### EXERCISE
Your job is to return each record exactly, minus any pictures.

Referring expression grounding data
● ● ● ● ●

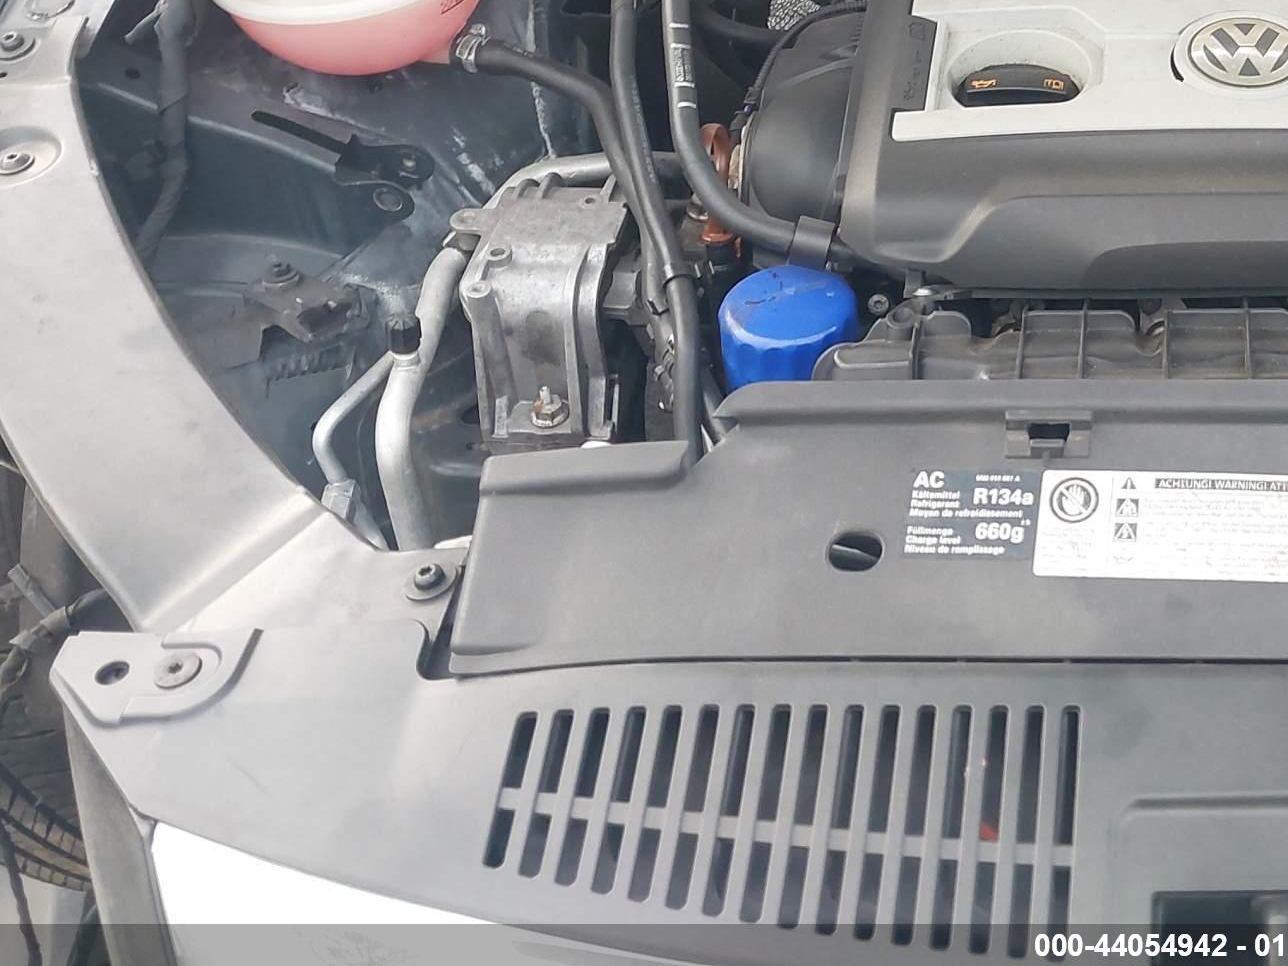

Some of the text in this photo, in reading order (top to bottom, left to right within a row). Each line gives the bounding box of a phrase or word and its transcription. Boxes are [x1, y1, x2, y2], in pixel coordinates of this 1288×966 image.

[913, 470, 945, 489] AC
[1214, 480, 1268, 491] WARNING!
[973, 487, 1034, 506] R134a
[942, 509, 953, 517] de
[975, 522, 1025, 544] 660g
[937, 545, 950, 554] de
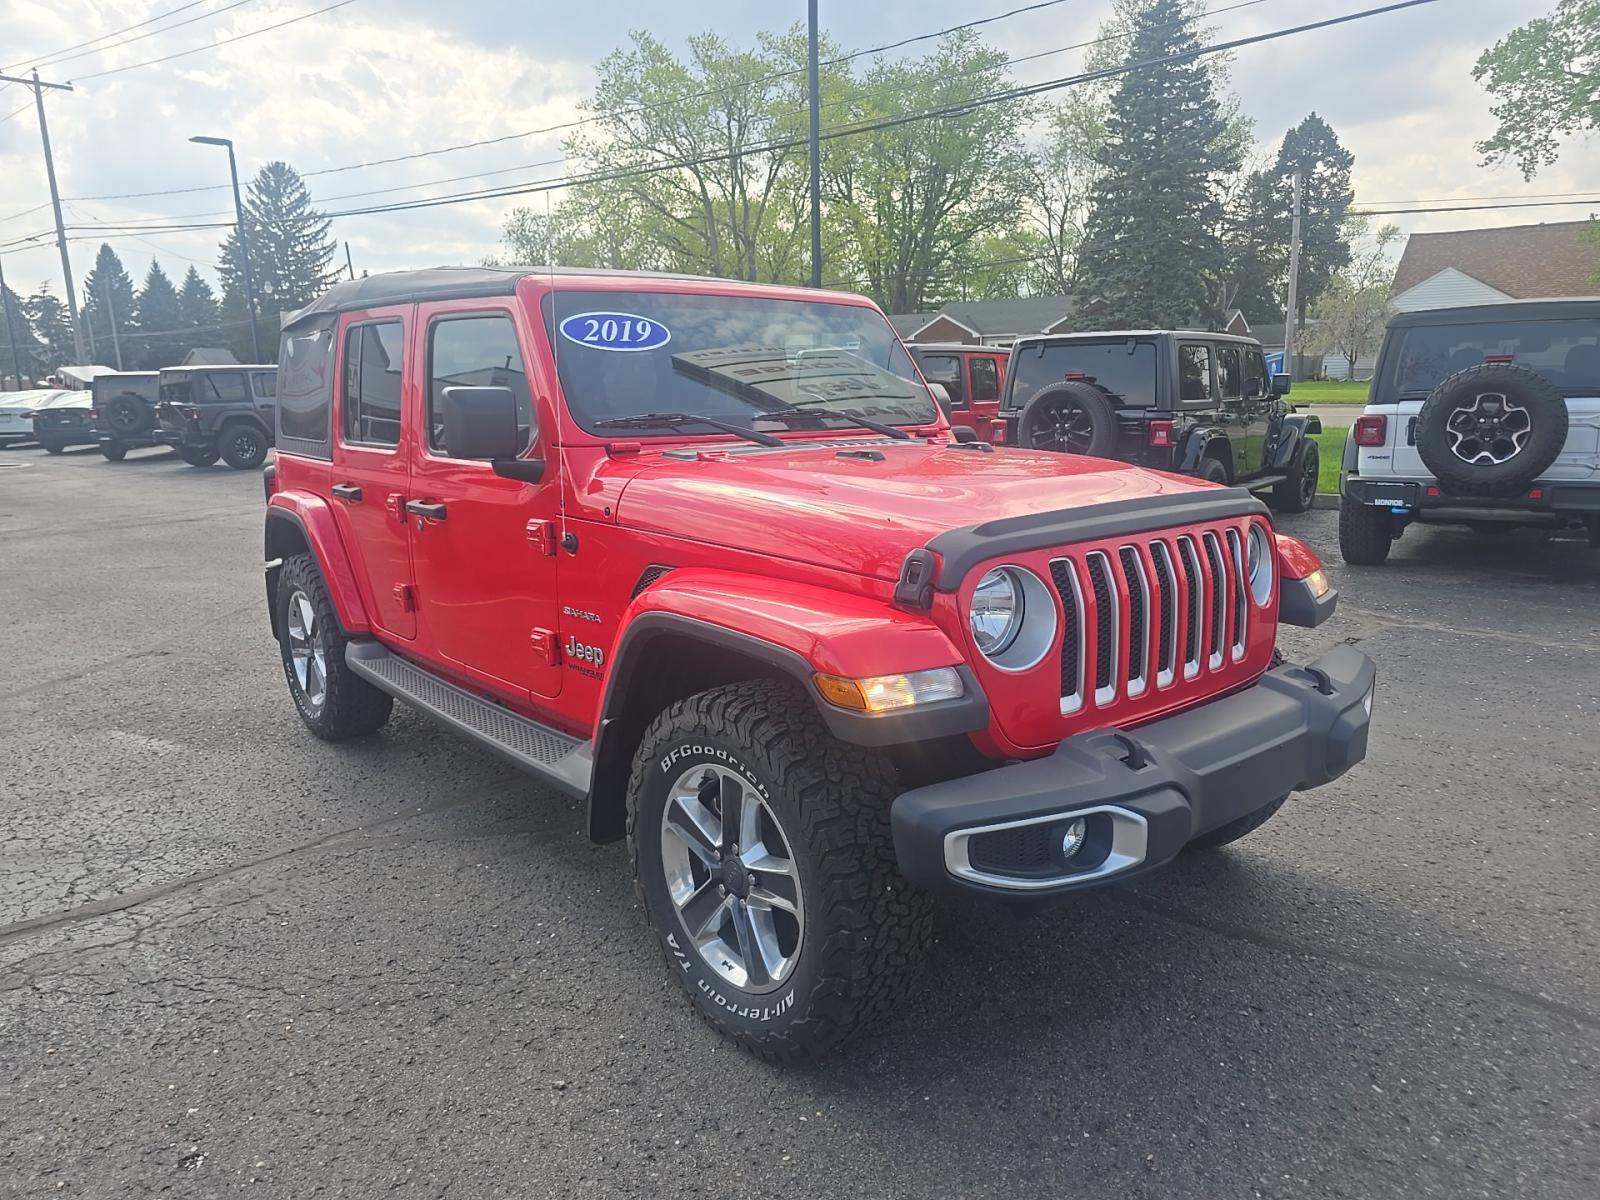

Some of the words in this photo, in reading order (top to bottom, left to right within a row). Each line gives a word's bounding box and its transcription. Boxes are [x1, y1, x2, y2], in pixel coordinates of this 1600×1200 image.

[582, 319, 652, 342] 2019
[565, 635, 605, 669] Jeep
[660, 744, 770, 799] BFGoodrich
[666, 932, 692, 973] T/A
[697, 979, 795, 1022] All-Terrain

● ● ● ● ●

### EXERCISE OUTPUT
Some of the text in this photo, in reading order (top to bottom, left to right within a row). Each line gives the bounding box of a phrase or word and its transcription. Boxes are [x1, y1, x2, y2], in pixel coordinates of this 1288×966 image.

[913, 470, 945, 489] AC
[1214, 480, 1268, 491] WARNING!
[973, 487, 1034, 506] R134a
[942, 509, 953, 517] de
[975, 522, 1025, 544] 660g
[937, 545, 950, 554] de

Some of the words in this photo, in reading order (top to bottom, left to right within a row). Each line gives a word's bounding box and its transcription. Boxes are [x1, y1, x2, y2], in pixel coordinates of this 1600×1200 image.

[582, 319, 652, 342] 2019
[565, 635, 605, 669] Jeep
[660, 744, 770, 799] BFGoodrich
[666, 932, 692, 973] T/A
[697, 979, 795, 1022] All-Terrain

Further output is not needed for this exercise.